= PROBLEM TO SOLVE =
Give back the full listing exactly, setting the pictures aside.

= DATA EXTRACTS =
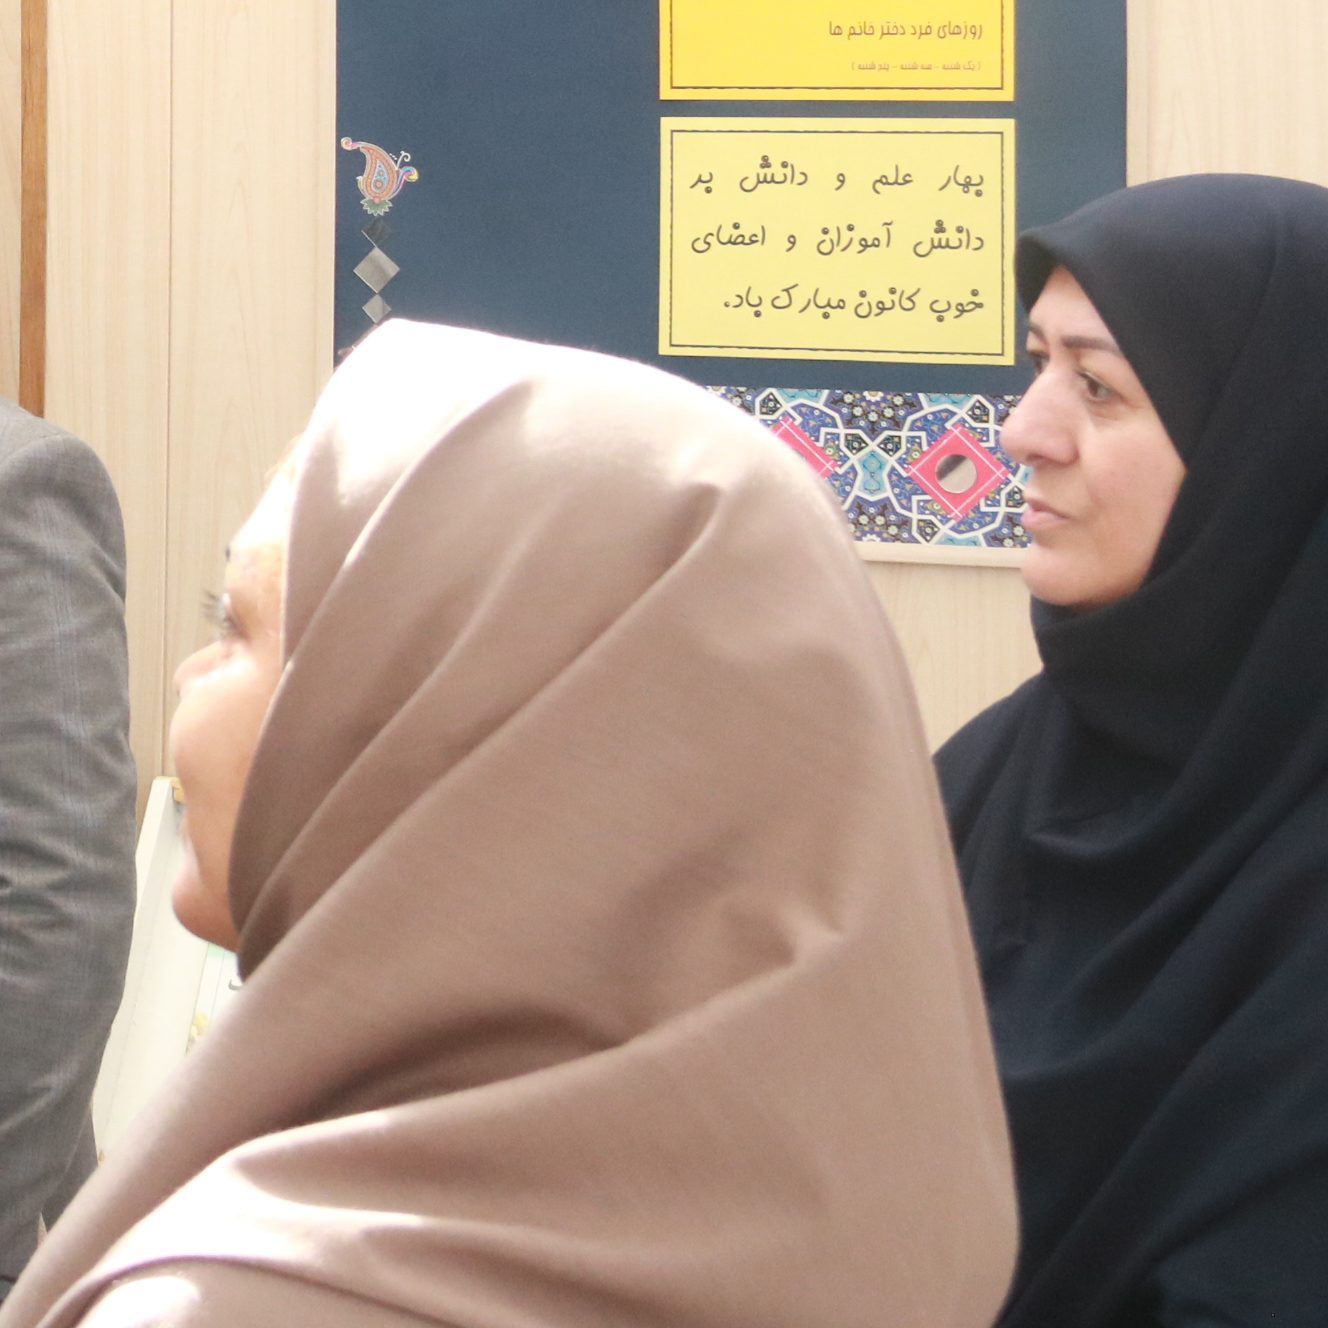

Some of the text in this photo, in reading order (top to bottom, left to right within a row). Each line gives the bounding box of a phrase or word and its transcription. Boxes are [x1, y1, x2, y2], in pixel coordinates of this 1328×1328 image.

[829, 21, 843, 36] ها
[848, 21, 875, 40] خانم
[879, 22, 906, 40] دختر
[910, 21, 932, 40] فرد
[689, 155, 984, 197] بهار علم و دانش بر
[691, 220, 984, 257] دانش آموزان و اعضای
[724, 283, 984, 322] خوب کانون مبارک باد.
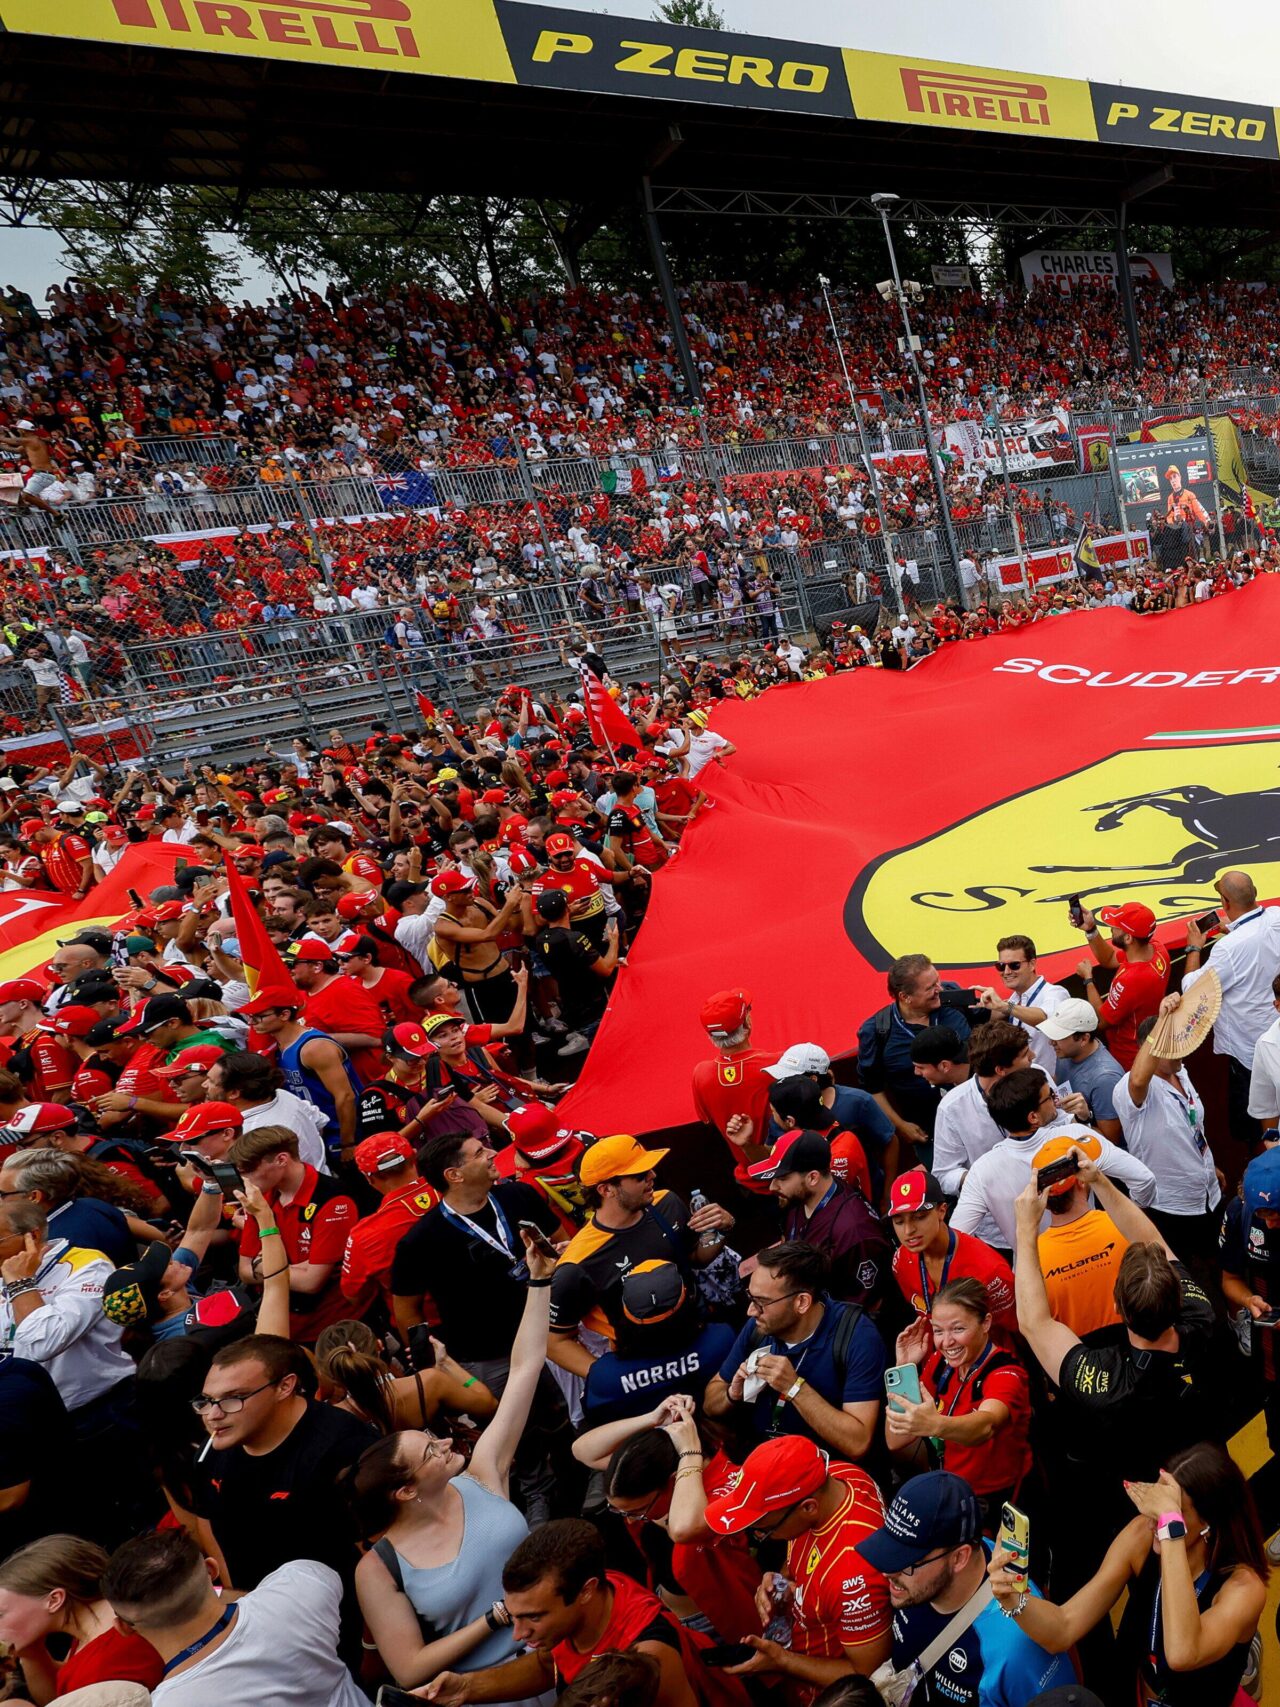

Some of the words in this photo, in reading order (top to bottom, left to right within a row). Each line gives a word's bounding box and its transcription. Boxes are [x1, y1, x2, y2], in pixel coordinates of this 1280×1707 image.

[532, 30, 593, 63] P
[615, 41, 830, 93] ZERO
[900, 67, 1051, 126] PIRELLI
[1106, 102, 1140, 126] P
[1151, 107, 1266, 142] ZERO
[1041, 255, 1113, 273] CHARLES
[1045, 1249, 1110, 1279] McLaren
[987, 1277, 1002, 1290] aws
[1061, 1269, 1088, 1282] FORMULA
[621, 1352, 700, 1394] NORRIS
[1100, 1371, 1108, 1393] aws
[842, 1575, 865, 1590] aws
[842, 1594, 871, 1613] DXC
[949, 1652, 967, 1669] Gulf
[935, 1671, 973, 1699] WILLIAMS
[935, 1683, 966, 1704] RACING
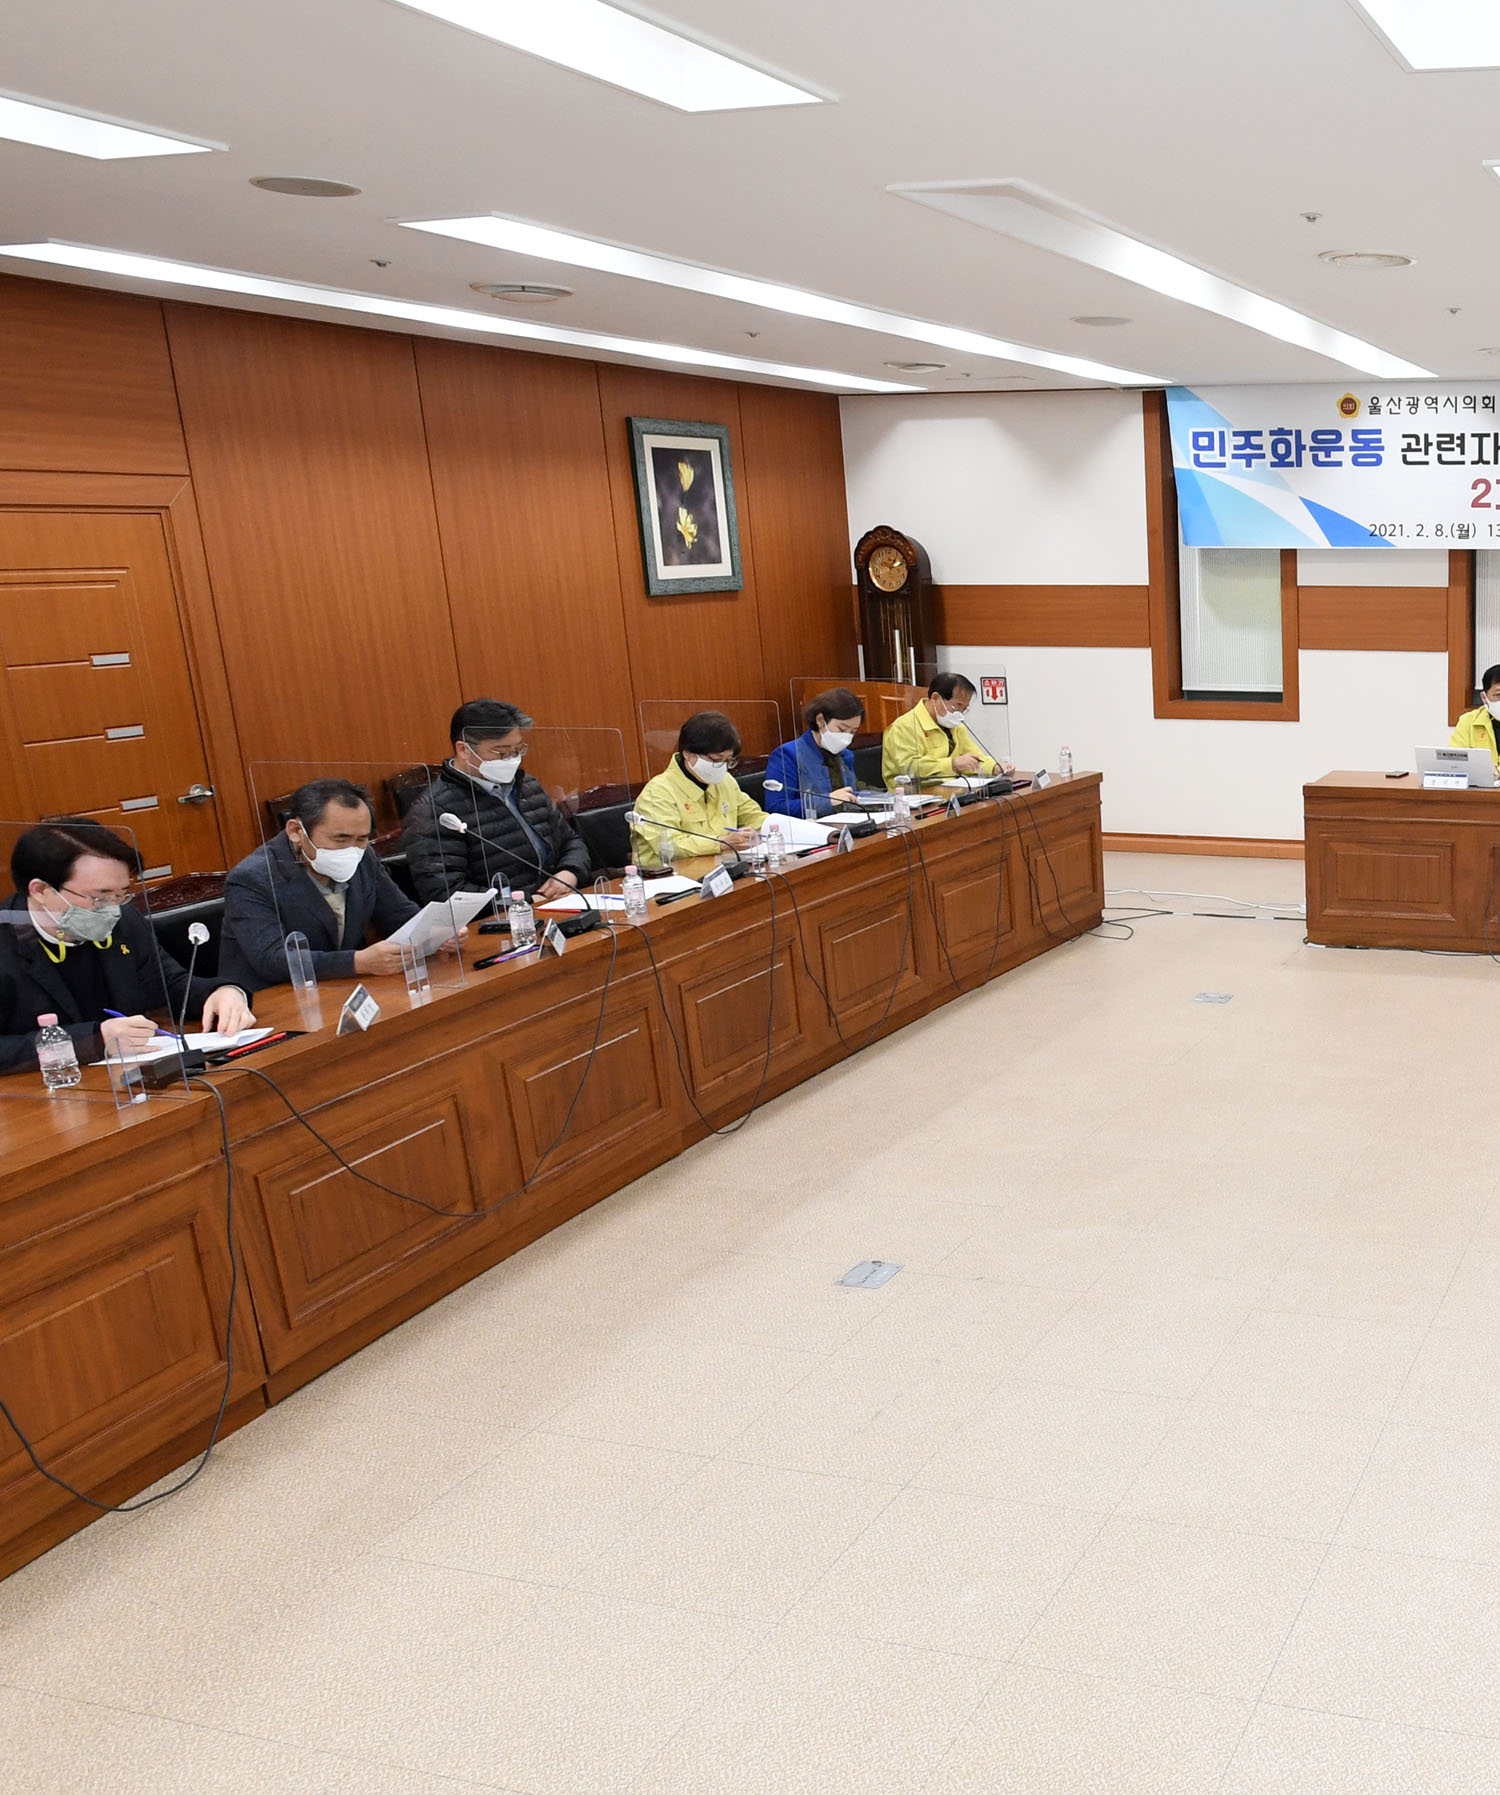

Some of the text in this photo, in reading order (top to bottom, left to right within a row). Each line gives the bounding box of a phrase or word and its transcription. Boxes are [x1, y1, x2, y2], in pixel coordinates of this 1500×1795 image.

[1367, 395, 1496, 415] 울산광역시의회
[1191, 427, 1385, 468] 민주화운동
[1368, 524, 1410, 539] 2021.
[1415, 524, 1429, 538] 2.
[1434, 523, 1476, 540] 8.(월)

= TASK RESPONSE =
Some of the text in this photo, in reading order (top to bottom, left to right within a row). Each line gives the bounding box of a phrase or word and its transcription. Boxes are [x1, y1, x2, y2], in pixel coordinates of this 1328×1328 image.

[829, 21, 843, 36] ها
[848, 21, 875, 40] خانم
[879, 22, 906, 40] دختر
[910, 21, 932, 40] فرد
[689, 155, 984, 197] بهار علم و دانش بر
[691, 220, 984, 257] دانش آموزان و اعضای
[724, 283, 984, 322] خوب کانون مبارک باد.

Some of the words in this photo, in reading order (top to bottom, left to right within a row). Each line gives a word's bounding box and its transcription. Boxes are [x1, y1, x2, y2], in pixel coordinates of this 1280×1707 image.

[532, 30, 593, 63] P
[615, 41, 830, 93] ZERO
[900, 67, 1051, 126] PIRELLI
[1106, 102, 1140, 126] P
[1151, 107, 1266, 142] ZERO
[1041, 255, 1113, 273] CHARLES
[1045, 1249, 1110, 1279] McLaren
[987, 1277, 1002, 1290] aws
[1061, 1269, 1088, 1282] FORMULA
[621, 1352, 700, 1394] NORRIS
[1100, 1371, 1108, 1393] aws
[842, 1575, 865, 1590] aws
[842, 1594, 871, 1613] DXC
[949, 1652, 967, 1669] Gulf
[935, 1671, 973, 1699] WILLIAMS
[935, 1683, 966, 1704] RACING

Some of the text in this photo, in reading order (top to bottom, left to right within a row). Each line gives the bounding box of a phrase or word and its transcription. Boxes are [x1, y1, x2, y2], in pixel coordinates of this 1500×1795 image.

[1367, 395, 1496, 415] 울산광역시의회
[1191, 427, 1385, 468] 민주화운동
[1368, 524, 1410, 539] 2021.
[1415, 524, 1429, 538] 2.
[1434, 523, 1476, 540] 8.(월)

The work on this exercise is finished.